Lowell Open Studios continues today, 11 am to 5 pm, in locations around the city. This has become one of the stellar events of the year. That hundreds of artists chose Lowell as a place to live and/or work, is no simple twist of fate. There is a complex story line that explains how and why this happened, and many people deserve thanks for their efforts in the past 40 years, not least of which are the individual artists who took a chance on Lowell. This week we learned of the passing of John B. Duff, first president of the Universty of Lowell and first chairman of the Lowell Historic Preservation Commission, the federal agency that developed the Brush Gallery at Market Mills in 1982. Dr. Duff helped make Lowell a cultural powerhouse through his support for the ULowell Foundation, with help from Nancy Donahue and others, and by incubating Merrimack Repertory Theatre at Mahoney Hall on the campus. While he was president, ULowell also sponsored a series of “ethnic symposia” with events highlighting Lowell’s multi-ethnic heritage. Following is a brief excerpt from my forthcoming book, Mill Power: The Origin and Impact of Lowell National Historical Park. The event mentioned took place in 2012 at the UMass Lowell Inn & Conference Center. People from cities like Lowell (so-called Gateway Cities) gathered to talk about strategies for moving their communities forward, particularly with a sense of promoting their distinctive social, physical, and cultural assets.—PM
Former mayor of Meridian, Mississippi, John Robert Smith is as eloquent a spokesman for the virtues of cities and the arts as one might meet. He told the Creative Place-making summit attendees the story of Meridian remaking itself into the intellectual and cultural hub of its region. He contends that cities must offer excellent artistic experiences to both children, as a way to nurture their aspirations, and business CEO’s, who crave inspiring moments in their own lives. He believes that people want to live in places whose residents care about questions like “Where do we come from?” and “Who are we now?”—places that have a sense of their own identity and a coherent presentation of themselves in everyday life, not places where residents try to imitate a pre-fab formula from away or react defensively to the way they think others view them. He showed a slide of a marketing poster from Mississippi with a headline acknowledging the prevailing view of it as a lagging state. “Yes, we can read. A few of us can even write” was the headline under which were the faces of about 20 authors: William Faulkner, Eudora Welty, John Grisham, Natasha Trethewey, and others. The words “Mississippi” and “poor” don’t have to mean poor self-image or poor prospects, he said. And, it does not hurt to show that you have a sense of humor.

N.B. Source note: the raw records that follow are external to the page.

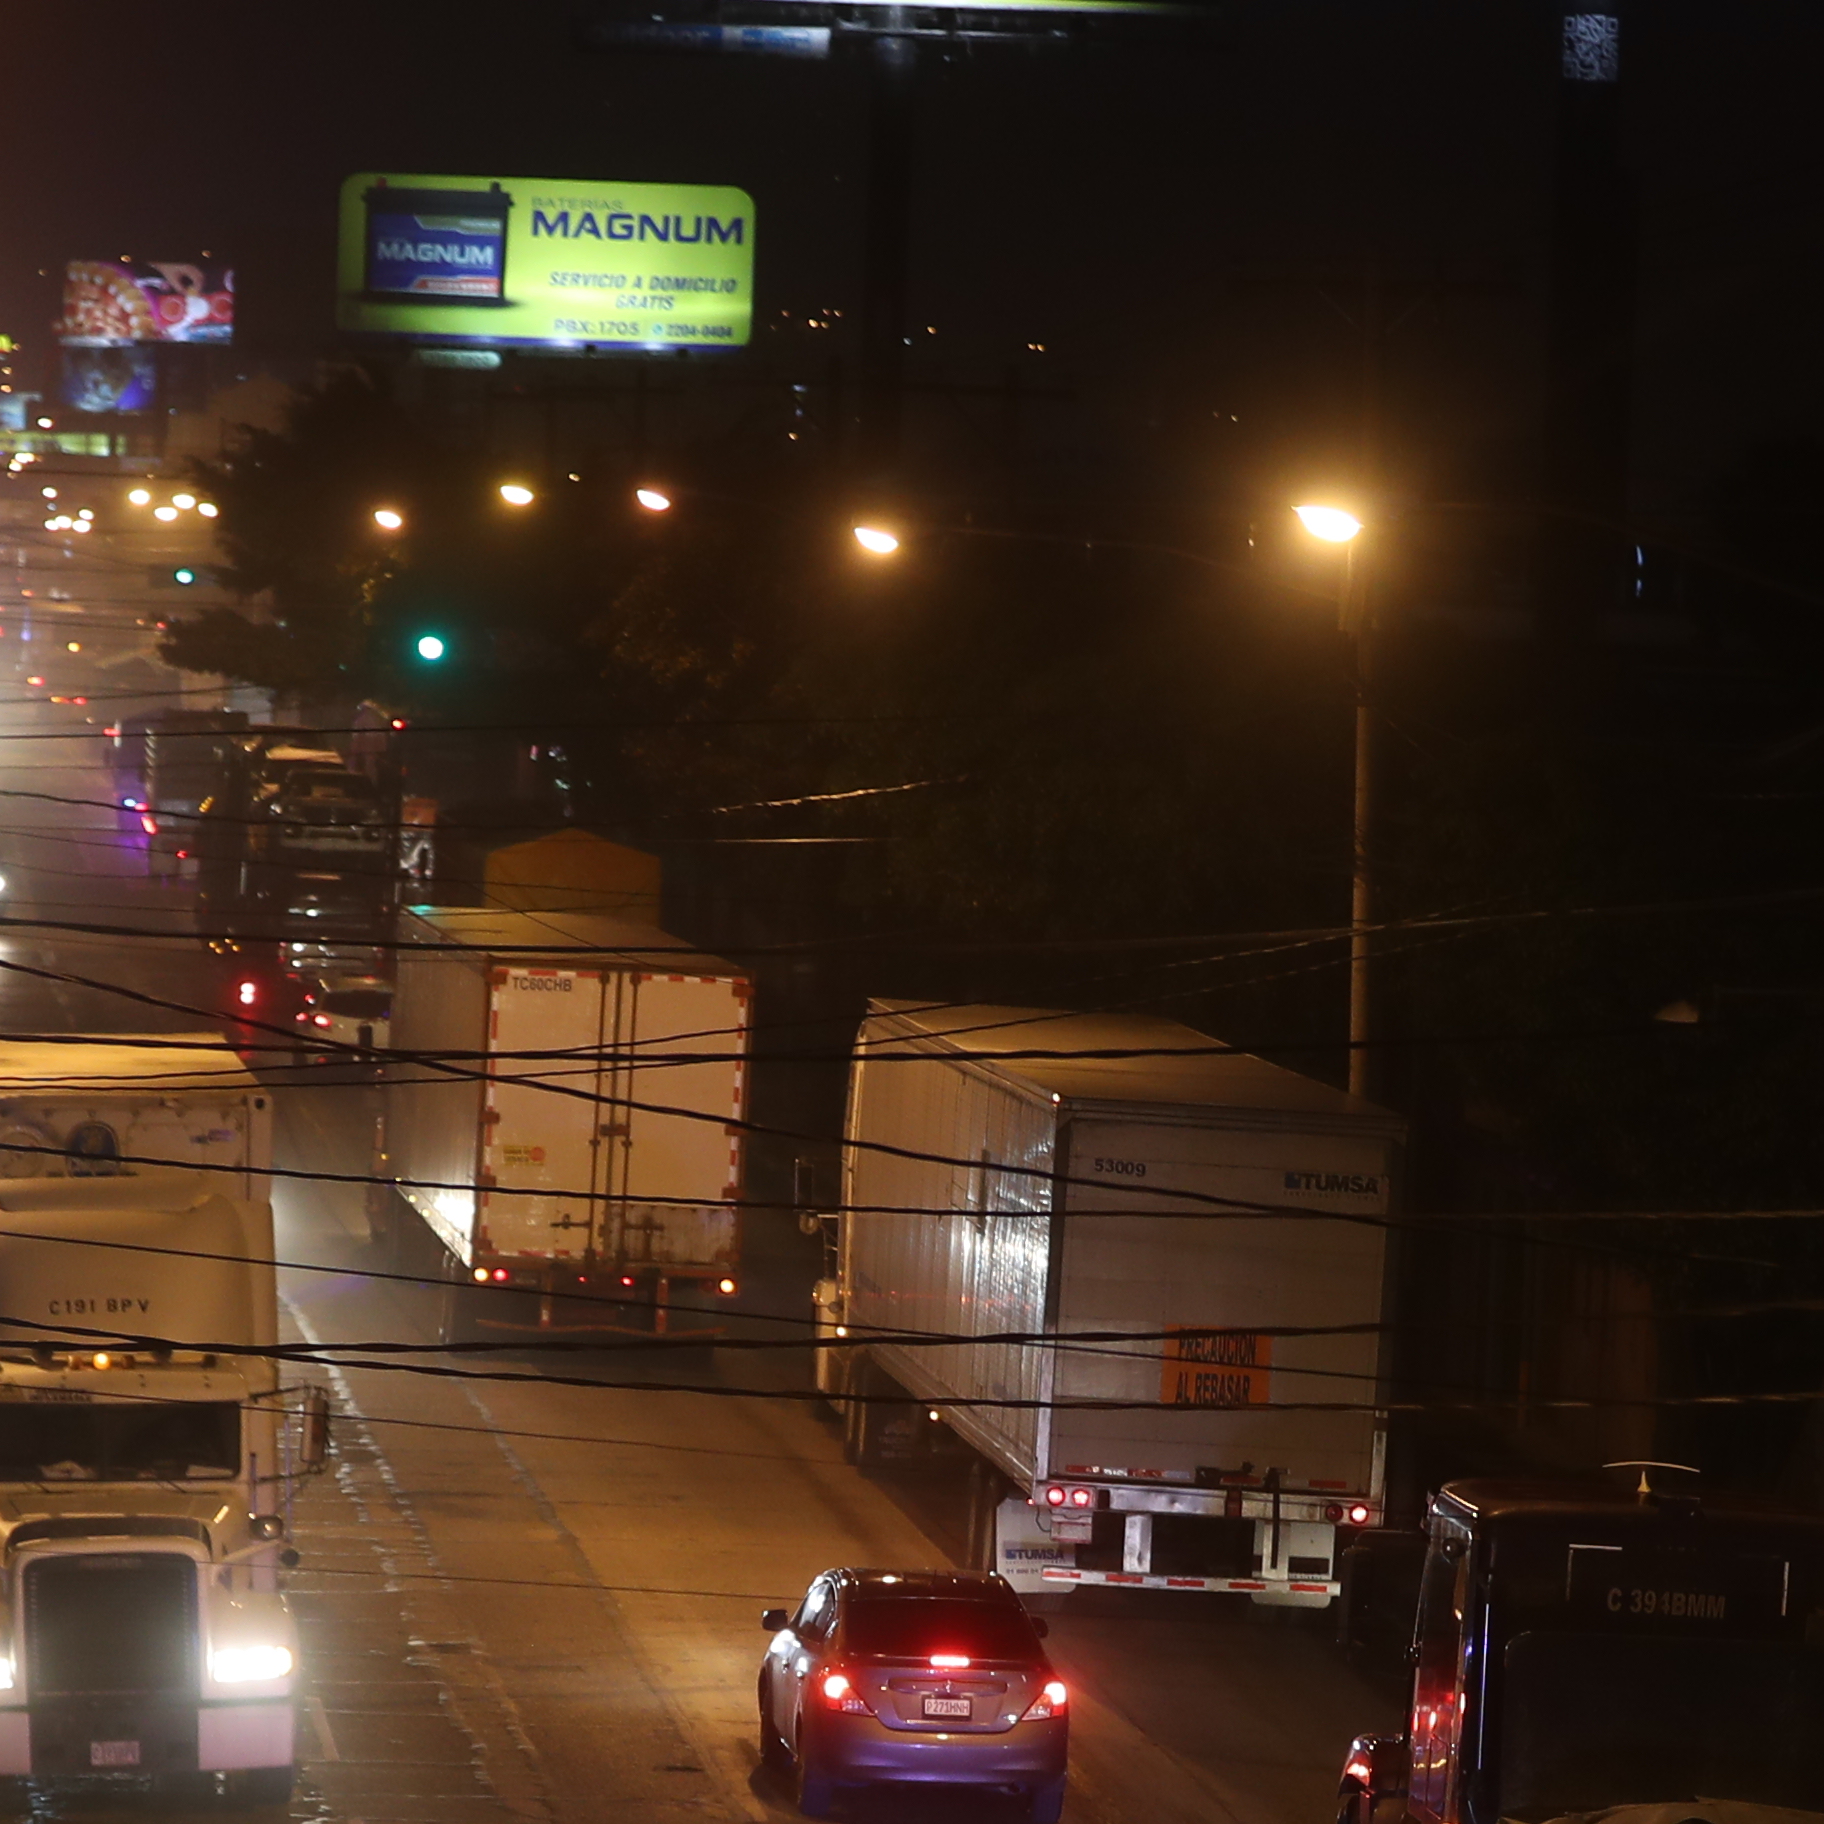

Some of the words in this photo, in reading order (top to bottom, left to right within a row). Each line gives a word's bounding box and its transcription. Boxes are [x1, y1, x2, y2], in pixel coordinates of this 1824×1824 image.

[531, 209, 744, 245] MAGNUM
[376, 241, 495, 266] MAGNUM
[549, 272, 628, 289] SERVICIO
[631, 275, 644, 289] A
[649, 276, 737, 294] DOMICILIO
[615, 294, 674, 310] GRATIS
[1094, 1158, 1147, 1178] 53009
[1303, 1173, 1379, 1195] TUMSA
[1176, 1371, 1190, 1406] AL
[1194, 1373, 1251, 1408] REBASAR
[1016, 1549, 1065, 1561] TUMSA
[1606, 1587, 1623, 1612] C

Returning to his point about aspirations, Roberts said, “You have to remain focused on a point in the future you will not occupy. I see that point in the eyes of my grandson.” In his closing, Roberts lifted up the audience when he cited the Persian poet Sa’di on the human need for “loaves and hyacinths” to feed body and soul and quoted the Illinois poet Vachel Lindsay’s poem “On the Building of Springfield”:
We should build parks that students from afar
Would choose to starve in, rather than go home,
Fair little squares, with Phidian ornament,
Food for the spirit, milk and honeycomb.
. . .
We must have many Lincoln-hearted men.
A city is not builded in a day.
And they must do their work, and come and go
While countless generations pass away.